Aerodynamics of a Transonic Airfoil in Ground Effect

Abstract

The wing-in-ground-effect (WIG) aircraft operates with larger lift-to-drag ratio compared to a conventional aircraft at low subsonic Mach numbers. To increase traffic volume of WIG aircraft, one possible way is to increase flight speed, which can result in transonic flow. Currently studies on transonic flight in ground effect are few. The goal of this paper is to study aerodynamics and flow physics of typical transonic RAE2822 airfoil at angles of attack from 0 to 12 deg and Mach numbers from 0.5 to 0.8 in ground effect by varying the ground clearance. The compressible Reynolds-averaged Navier–Stokes equations with Spalart–Allmaras turbulence model are solved using FLUENT. For flight near the ground, some interesting shock formations are obtained due to transonic flow.

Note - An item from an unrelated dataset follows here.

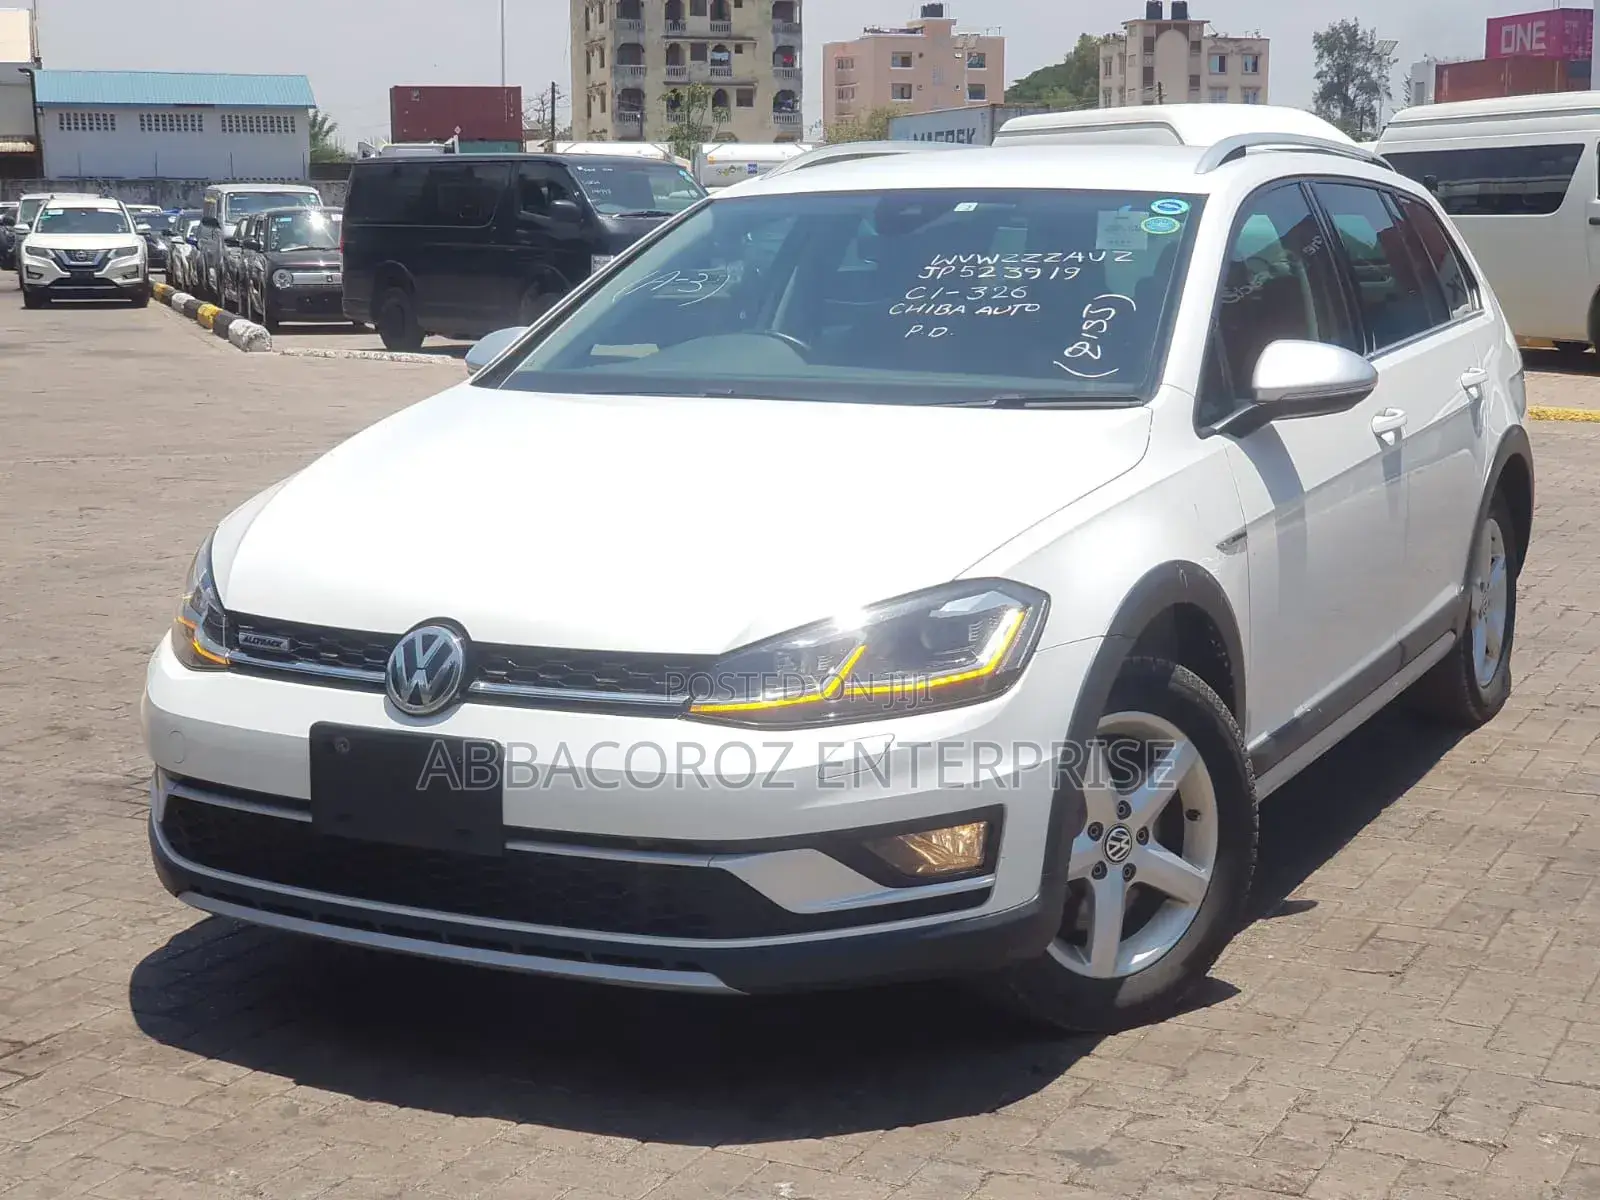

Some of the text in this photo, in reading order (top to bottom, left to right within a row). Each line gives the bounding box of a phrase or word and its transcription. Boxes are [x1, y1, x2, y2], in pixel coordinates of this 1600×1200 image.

[1501, 20, 1547, 54] ONE
[917, 265, 1081, 281] JP523919
[889, 302, 1041, 317] CHIBA AUTO

For unsteady shock buffet on the upper surface, the buffet boundary in angle of attack (AOA)–Mach number plane shrinks with the decreasing ground clearance. Compared to the unbounded flowfield, there exists a steady shock on the lower surface of the airfoil in ground effect for low AOAs because the channel between the lower surface of the supercritical airfoil and the ground is of typical converging–diverging shape, resulting in decrease in lift and increase in drag.